I have to process a bunch of XML documents that have structures similar to the following:
<tok xpos="ABCDE">node1</tok> <tok xpos="XYZ">node2</tok>
<tok xpos="ABCDE">node6</tok> <tok xpos="RST">node7</tok>
<tok xpos="ABTSV">node8</tok> <tok xpos="XYU">node9</tok>
<tok xpos="ABTSV">node14</tok> <tok xpos="XBZ">node15</tok>
So, what I need to do is to change part of the value for the attribute 'xpos' just in case the value for the same attribute in the following element starts with a specific sequence of characters. So, in this example, I would need to replace the first two characters of the value for any 'xpos' attribute starting with 'AB' with a new value that will replace 'AB' with 'XX' and will preserve the rest of the characters in the string just in case a specific condition is met. This condition being that the value of the 'xpos' attribute in the following element starts with the sequence of characters 'XY'.
So, after processing, the output would have to be:
<tok xpos="XXCDE">node1</tok> <tok xpos="XYZ">node2</tok>
<tok xpos="ABCDE">node6</tok> <tok xpos="RST">node7</tok>
<tok xpos="XXTSV">node8</tok> <tok xpos="XYU">node9</tok>
<tok xpos="ABTSV">node14</tok> <tok xpos="XBZ">node15</tok>
Following the suggestions of a helpful stackoverflow contributor I tried to use XSLT with the following code:
# coding: utf-8
import os
import lxml.etree as et
import time
ROOT = '/Users/somepath'
ext = ('.xml')
def xml_change(root_element):
et.XSLT(et.XML('''
<xsl:stylesheet
xmlns:xsl="http://www.w3.org/1999/XSL/Transform"
xmlns:re="http://exslt.org/regular-expressions"

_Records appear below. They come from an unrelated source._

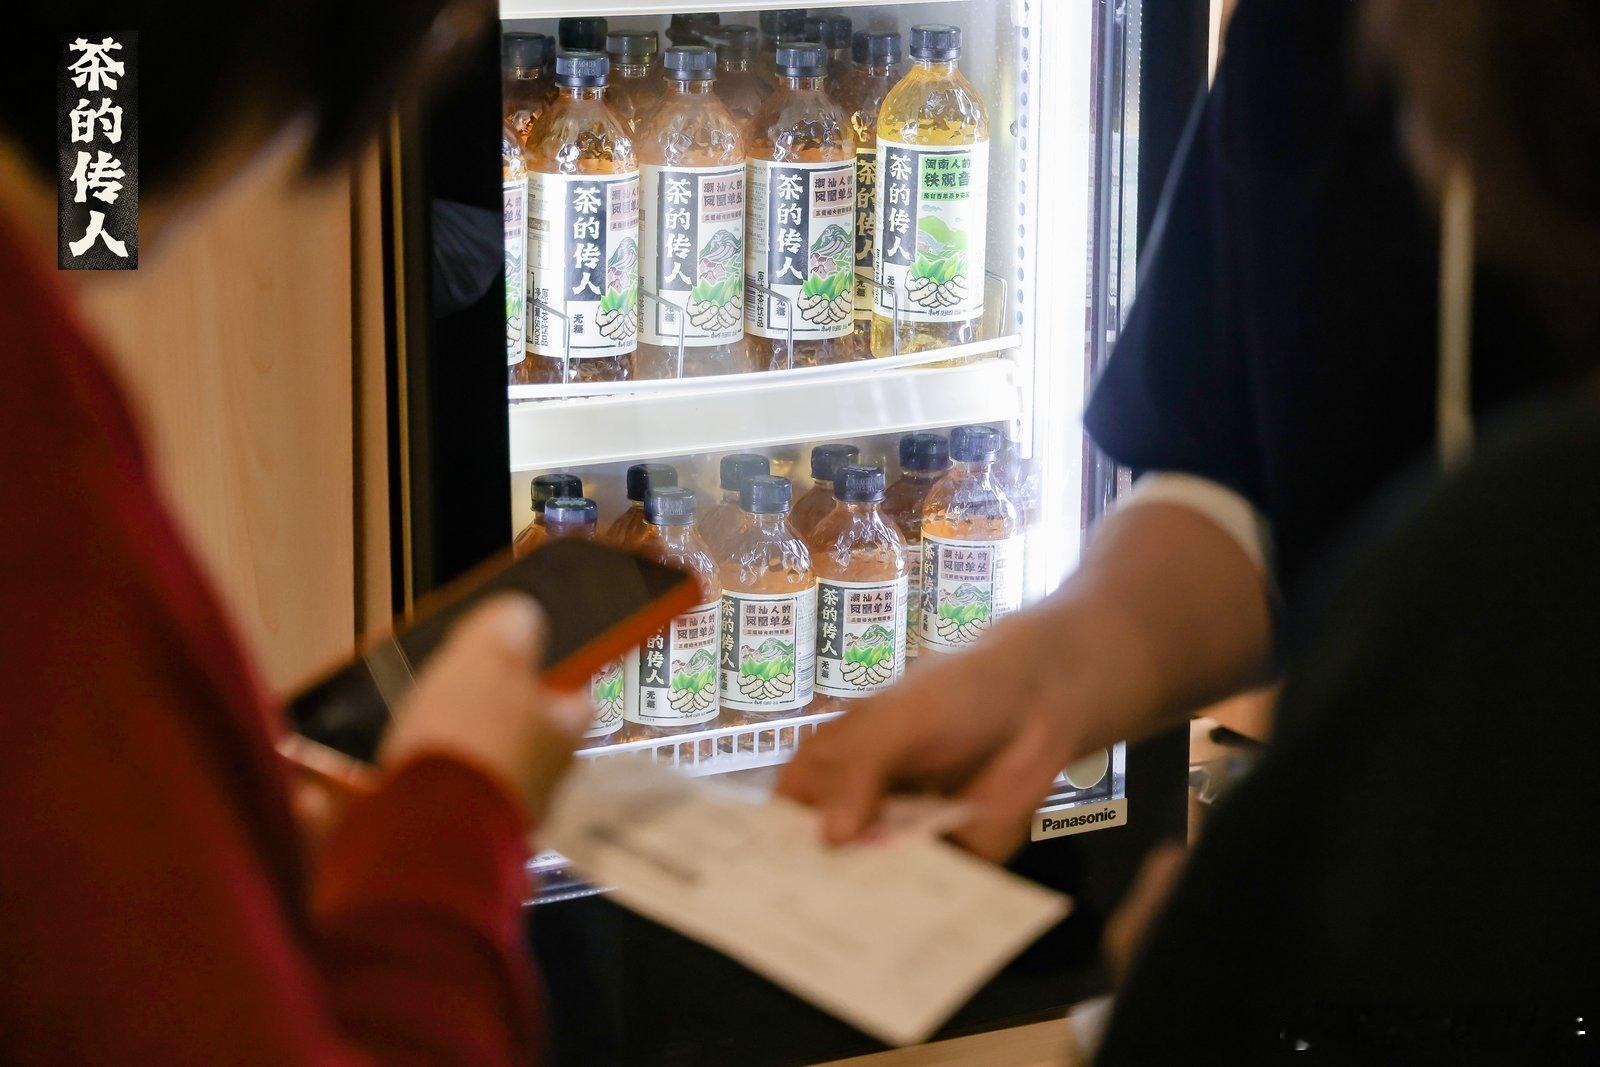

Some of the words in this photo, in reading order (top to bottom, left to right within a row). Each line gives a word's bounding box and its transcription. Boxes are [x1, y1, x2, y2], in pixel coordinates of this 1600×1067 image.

[924, 172, 970, 187] 铁观音
[925, 158, 970, 169] 闽南人的
[664, 179, 692, 286] 茶的传人
[775, 173, 803, 280] 茶的传人
[888, 153, 911, 260] 茶的传人
[572, 186, 601, 295] 茶的传人
[746, 604, 791, 615] 潮汕人的
[821, 587, 838, 656] 茶的传人
[851, 592, 892, 603] 潮汕人的
[646, 629, 664, 685] 的传人
[721, 598, 735, 668] 茶的传人
[1042, 808, 1116, 832] Panasonic

exclude-result-prefixes="re"
version="1.0">
<xsl:param name="pattern">^(AB)([A-Z] )</xsl:param>
<xsl:template match="@* | node()">
<xsl:copy>
<xsl:apply-templates select="@* | node()"/>
</xsl:copy>
</xsl:template>
<xsl:template match="tok[re:match(@xpos, '^(AB)([A-Z] )')][following-sibling::tok[1][starts-with(@xpos, 'XY')]]/@xpos">
<xsl:attribute name="{name()}">
<xsl:value-of select="re:replace(., $pattern, '', 'XX$2')"/>
</xsl:attribute>
</xsl:template>
</xsl:stylesheet>
'''))
for root, dirs, files in os.walk(ROOT):
for file in files:
if file.endswith(ext):
file_path = os.path.join(ROOT, file)
# load root element from file
file_root = et.parse(file_path).getroot()
# init tree object from file_root
xml_change(file_root)
tree = et.ElementTree(file_root)
# save cleaned xml tree object to file. Important to specify encoding
tree.write(file_path.replace('.xml', '-clean.xml'), encoding='utf-8', pretty_print=True, doctype='<!DOCTYPE document SYSTEM "estcorpus.dtd">', xml_declaration=True)

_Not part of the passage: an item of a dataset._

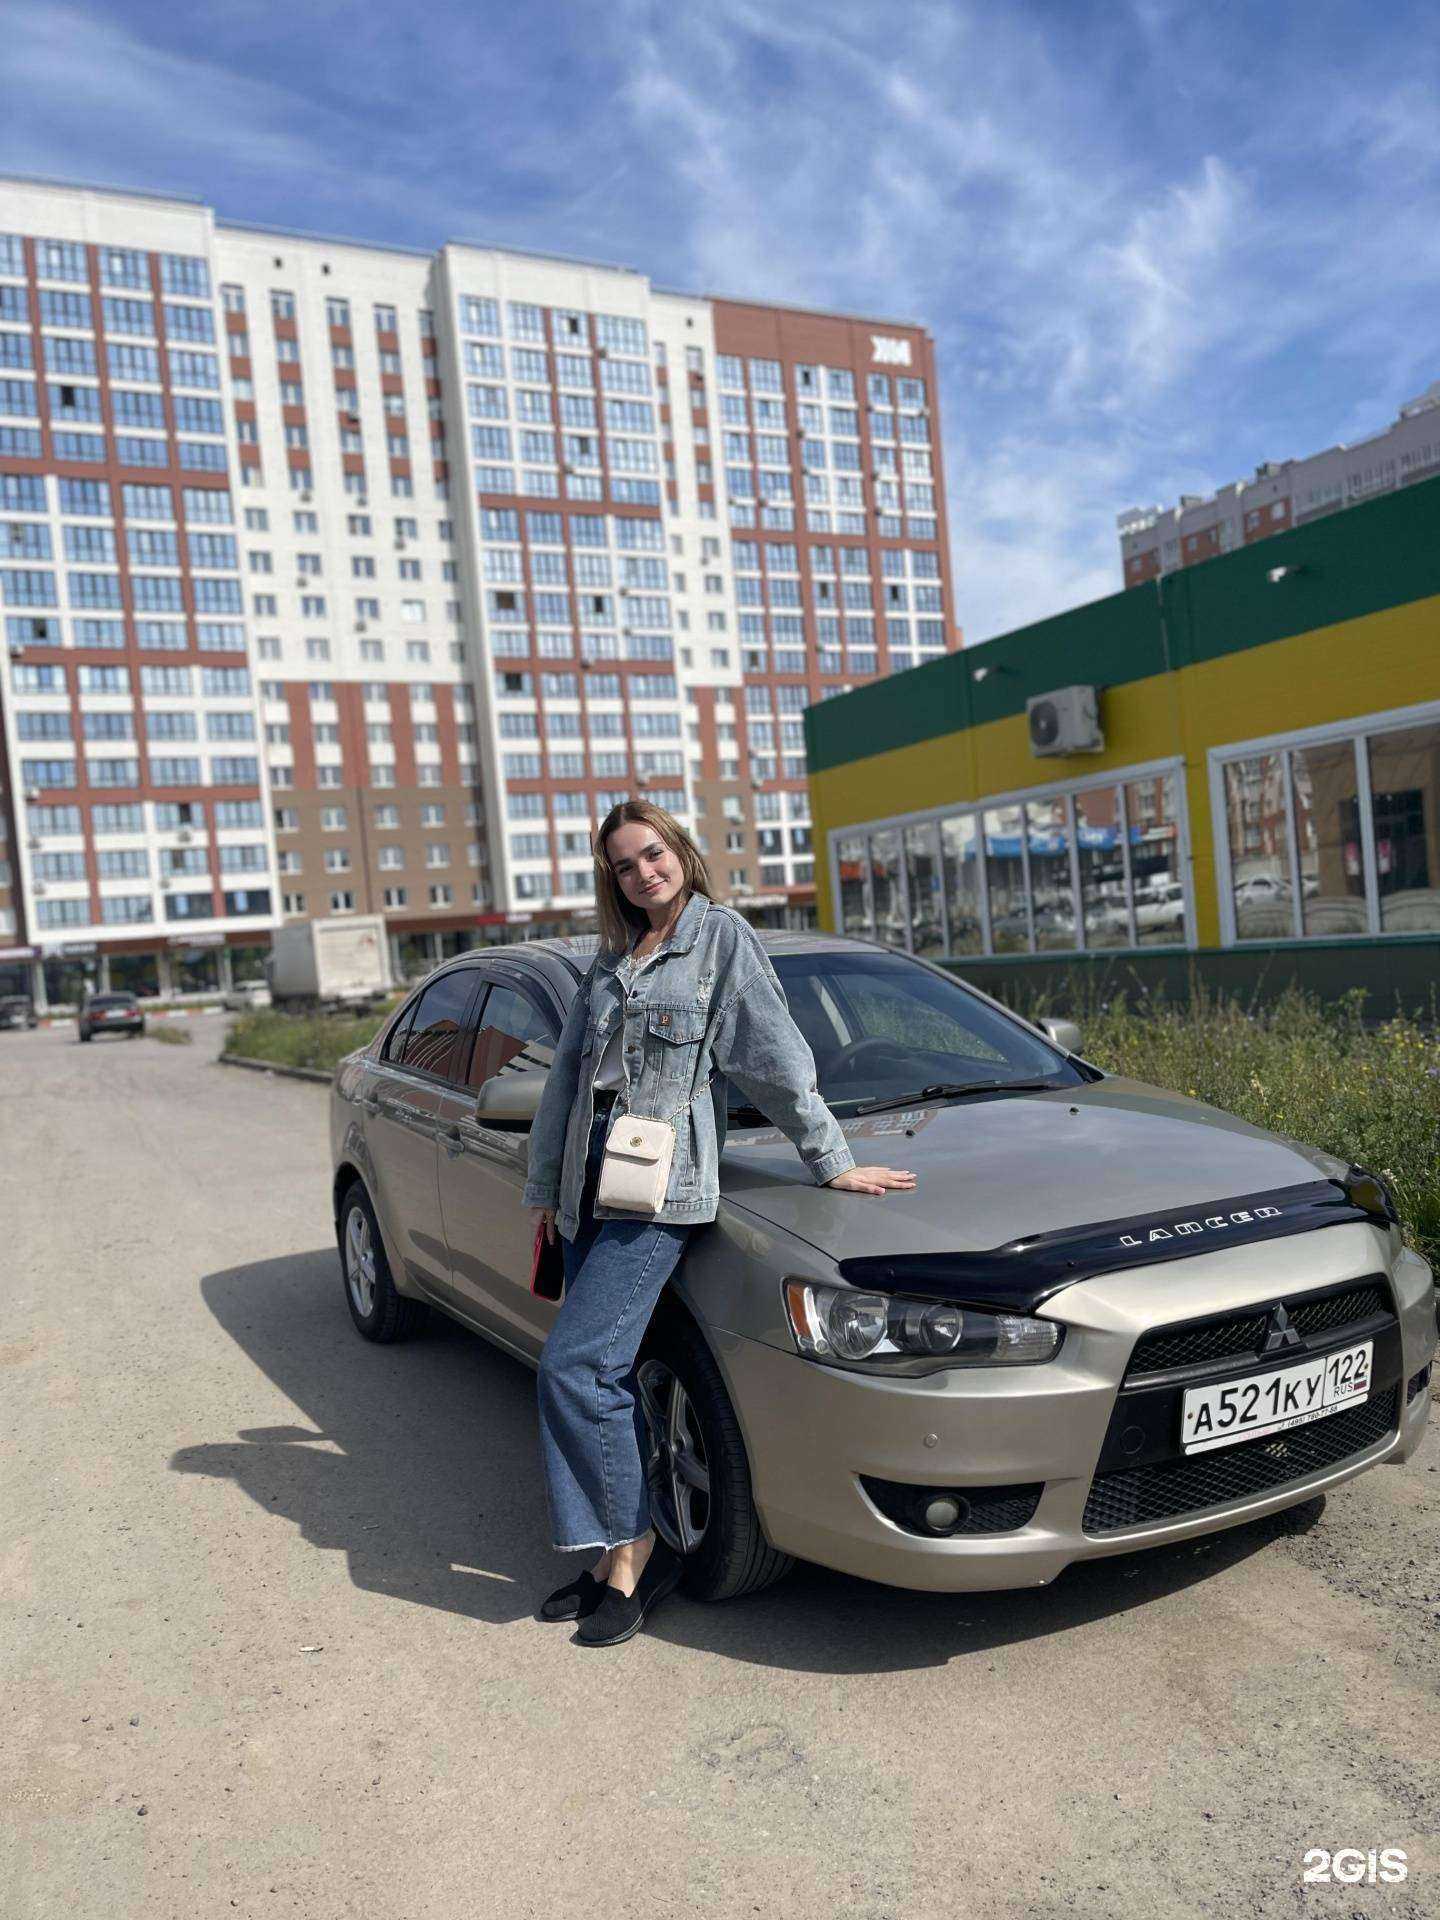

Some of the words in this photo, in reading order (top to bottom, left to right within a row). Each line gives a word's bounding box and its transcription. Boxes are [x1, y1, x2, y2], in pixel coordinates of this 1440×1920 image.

[1120, 1207, 1282, 1246] LANCER
[1193, 1374, 1321, 1436] А521КУ
[1328, 1349, 1366, 1386] 122
[1333, 1382, 1354, 1397] RUS

This doesn't seem to work but I don't know exactly why. The documents appear to be processed and I get the copies of the files with the added '-clean' in their names. I don't get any error messages but nothing seems to have changed inside the documents.
EDIT: After reading the answers, I changed the relevant parts of my code to:
xslt_job=et.XML('''
<xsl:stylesheet version="1.0"
xmlns:xsl="http://www.w3.org/1999/XSL/Transform">
<xsl:output method="xml" version="1.0" encoding="UTF-8" indent="yes"/>
<xsl:strip-space elements="*"/>
<!-- identity transform -->
<xsl:template match="@*|node()">
<xsl:copy>
<xsl:apply-templates select="@*|node()"/>
</xsl:copy>
</xsl:template>
<xsl:template match="tok[starts-with(@xpos, 'AB')][starts-with(following-sibling::tok[1]/@xpos, 'XY')]/@xpos">
<xsl:attribute name="xpos">
<xsl:text>XX</xsl:text>
<xsl:value-of select="substring(., 3)"/>
</xsl:attribute>
</xsl:template>
</xsl:stylesheet>
''')
transform = et.XSLT(xslt_job)
# iterate all dirs
for root, dirs, files in os.walk(ROOT):
if file.endswith(ext):
file_path = os.path.join(ROOT, file)
file_root = et.parse(file_path).getroot()
result_tree = transform(file_root)
result_tree.write(file_path.replace('.xml', '-clean.xml'), encoding='utf-8', doctype='<!DOCTYPE document SYSTEM "estcorpus.dtd">', xml_declaration=True)
I'm happy because it seems that this is finally working (i.e. the newly created files contain the desired transformations). However, there is one problem: the structure of the original documents disappears in the output XML documents which contain all a single line. I know there is a way to fix that by adding the parameter "pretty_print=True" to the write command but this won't work for me. This parameter renders well formed XML docs but the documents need to preserve exactly the structure of the originals. Is there any way to achieve this?
CodePudding user response:
Move the parsing of the stylesheet outside and before the function e.g.
transform = et.XSLT(et.XML('''
<xsl:stylesheet
xmlns:xsl="http://www.w3.org/1999/XSL/Transform"
xmlns:re="http://exslt.org/regular-expressions"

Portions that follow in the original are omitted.